In response, Amazon spokesperson Tim Doyle refuted the FTC’s claims, stating that the allegations were unfounded and irresponsible. He explained that Amazon voluntarily revealed its use of Signal among employees to the FTC, collected conversations from employees’ phones, and allowed agency personnel to inspect the conversations, even those unrelated to the FTC’s investigation.

The FTC, along with 17 states, filed a lawsuit against Amazon in September, accusing the company of exploiting its marketplace dominance to inflate prices both on and off its platform, overcharge sellers, and stifle competition.

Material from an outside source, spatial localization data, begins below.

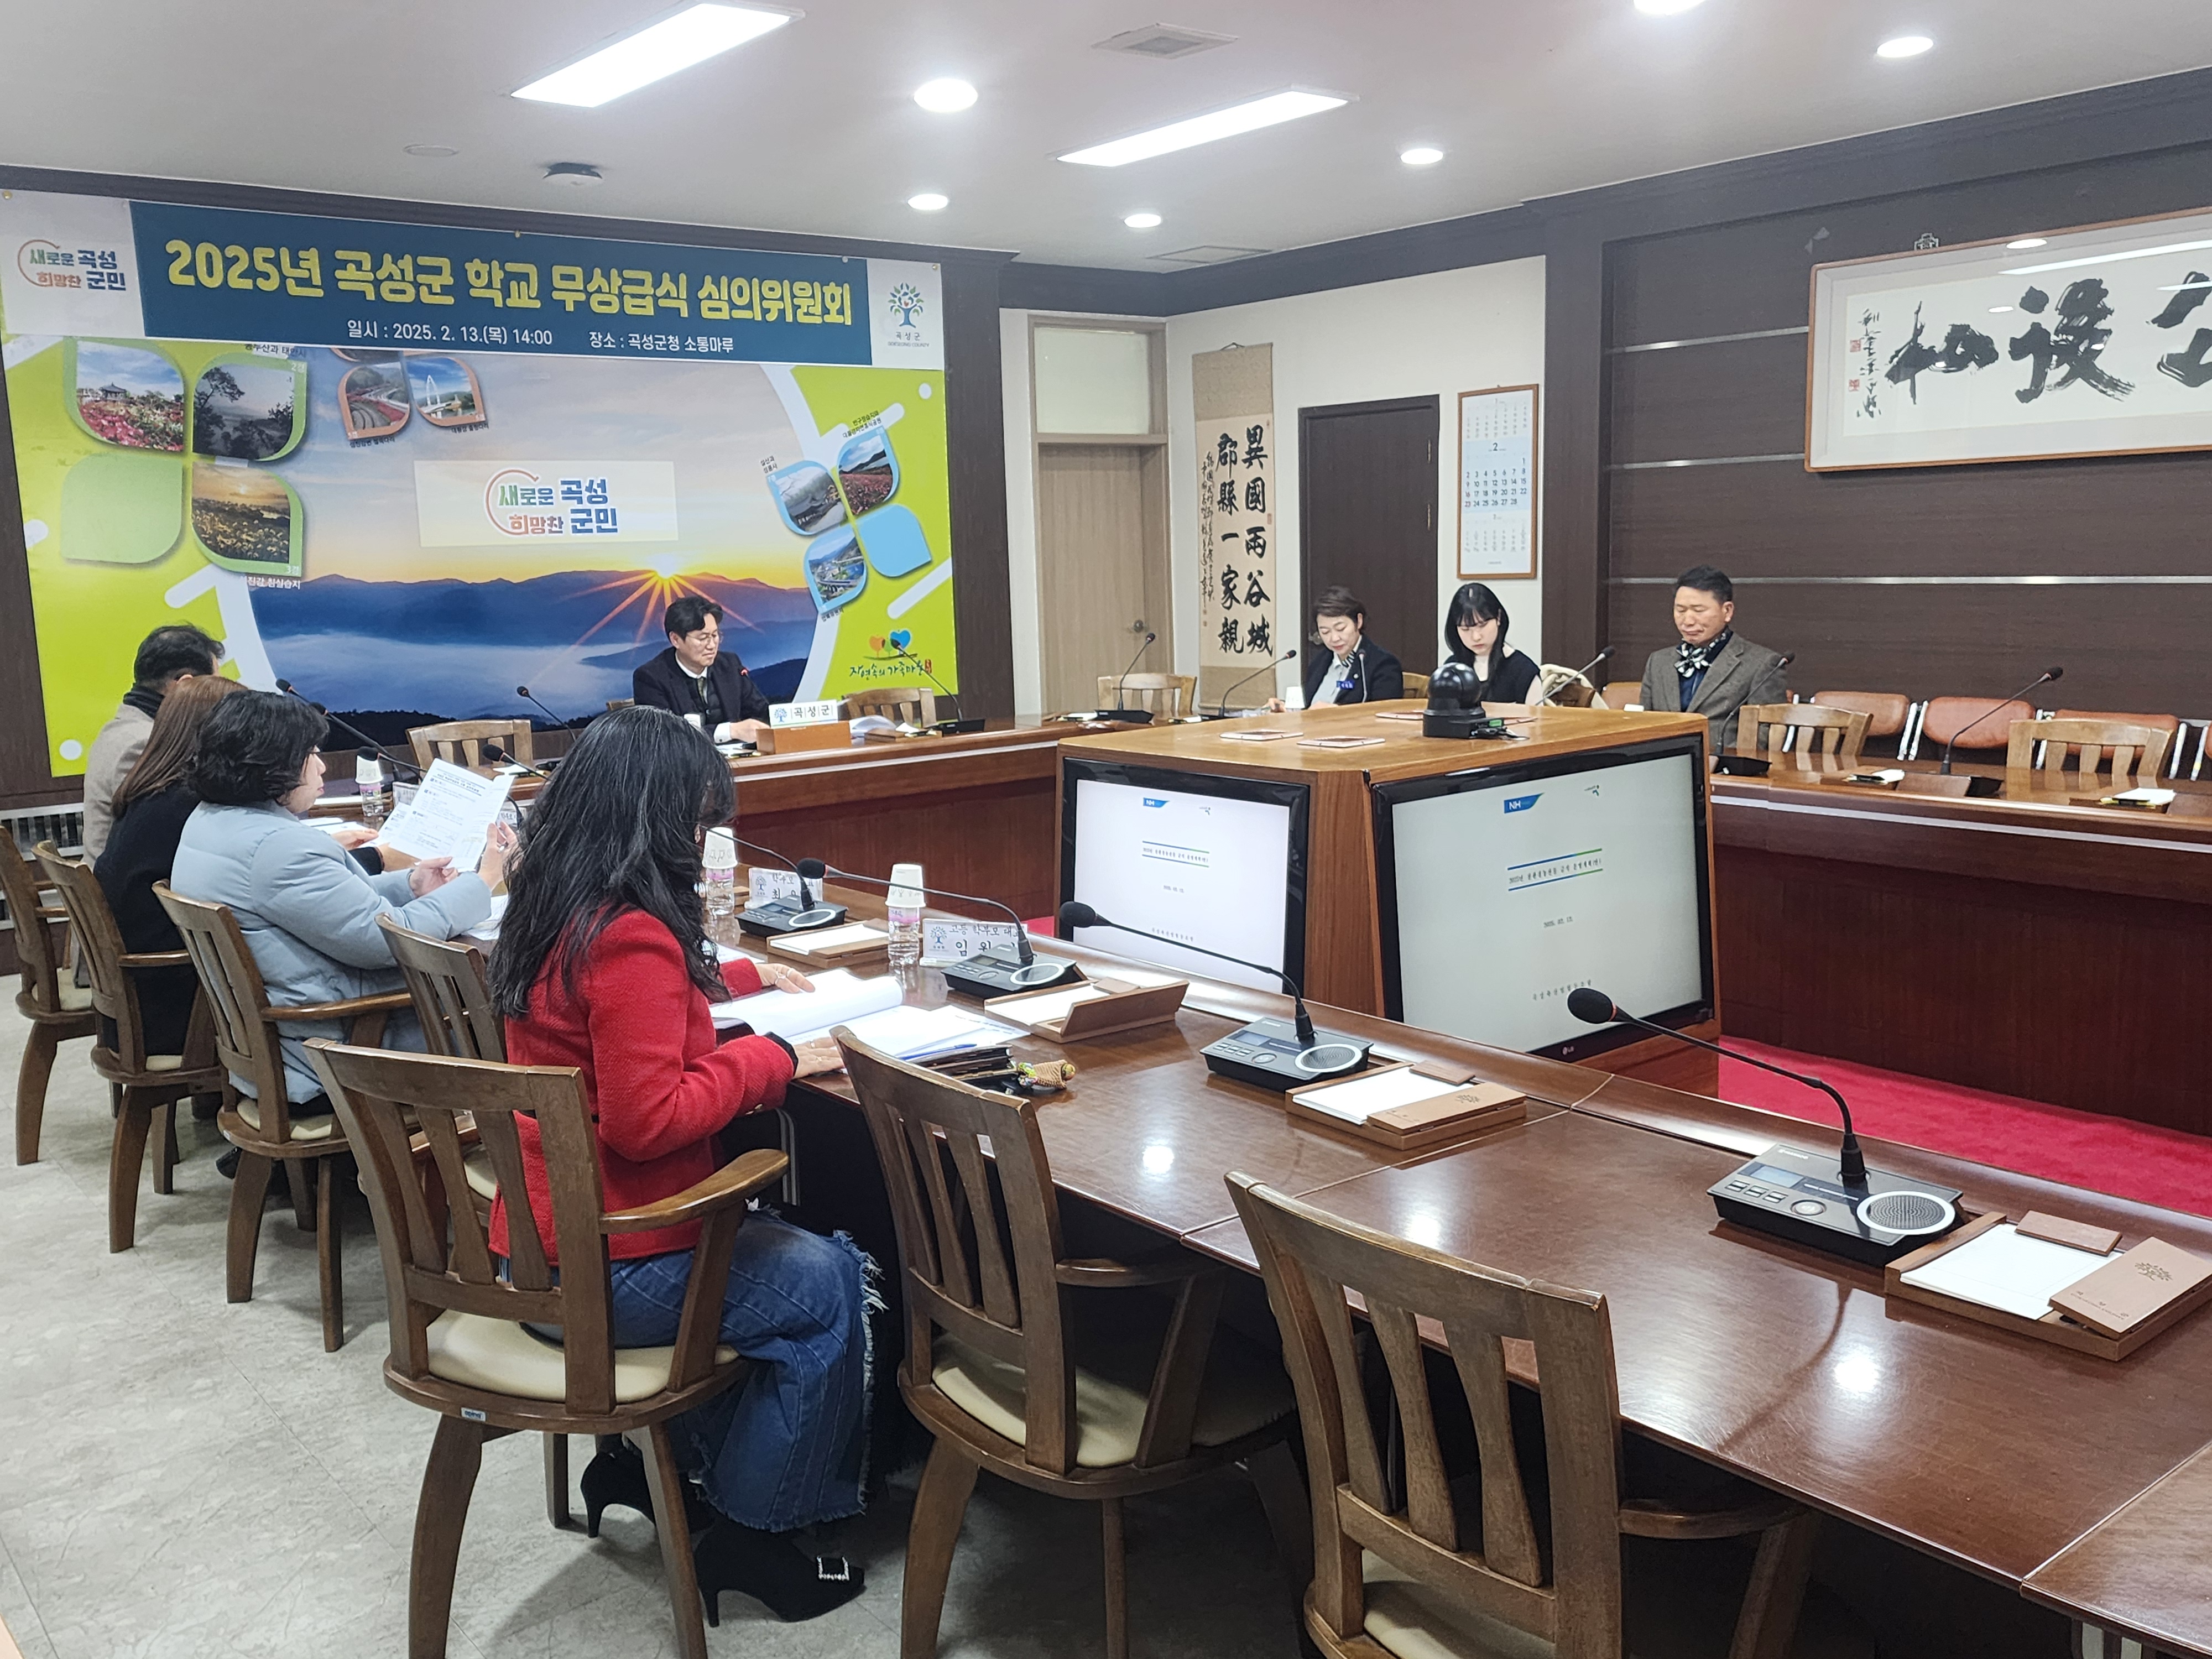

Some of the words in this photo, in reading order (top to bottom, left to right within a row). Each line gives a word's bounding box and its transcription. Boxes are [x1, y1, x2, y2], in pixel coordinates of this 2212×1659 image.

[30, 249, 75, 267] 새로운
[77, 250, 117, 269] 곡성
[36, 271, 81, 288] 희망찬
[86, 270, 126, 291] 군민
[165, 239, 324, 297] 2025년
[335, 250, 455, 305] 곡성군
[465, 258, 541, 309] 학교
[551, 265, 688, 317] 무상급식
[697, 274, 852, 325] 심의위원회
[347, 320, 378, 339] 일시
[393, 323, 436, 340] 2025.
[441, 326, 455, 341] 2.
[461, 327, 508, 345] 13.(목)
[513, 328, 552, 345] 14:00
[589, 331, 616, 348] 장소
[627, 333, 680, 351] 곡성군청
[684, 336, 734, 353] 소통마루
[896, 331, 920, 341] 곡성군
[1493, 442, 1498, 451] 2
[499, 485, 554, 506] 새로운
[560, 479, 608, 505] 곡성
[509, 514, 564, 535] 희망찬
[570, 508, 618, 534] 군민
[794, 705, 830, 718] 곡성군
[1509, 800, 1521, 810] NH
[949, 924, 968, 935] 고등
[973, 924, 1000, 936] 학부모
[956, 940, 967, 957] 임

The lawsuit alleges violations of federal and state antitrust laws, although Amazon has mounted a robust defense of its business practices.

This antitrust case represents a significant government effort to curb Amazon’s market power and coincides with the FTC’s more assertive stance against tech companies.

The newly disclosed unredacted portions of the lawsuit also provide additional insight into a previously discussed algorithm, known as “Project Nessie.” The FTC’s excerpts reveal that Amazon used this tool to identify products that would maximize its profits, enabling the company to predict where it could raise prices and prompt other shopping sites to follow suit. Amazon activated Nessie to increase prices on select items, and once other websites complied, it maintained the elevated prices. According to the FTC, the use of Nessie resulted in over $1 billion in excess profits for Amazon.

Aware of the potential public backlash, Amazon has switched Project Nessie on and off during periods of increased external scrutiny. The FTC claimed that Amazon deployed Nessie in 2014 and toggled it on and off at least eight times between 2015 and 2019. In 2018 alone, Amazon utilized the algorithm to set prices for items viewed over 400 million times by shoppers.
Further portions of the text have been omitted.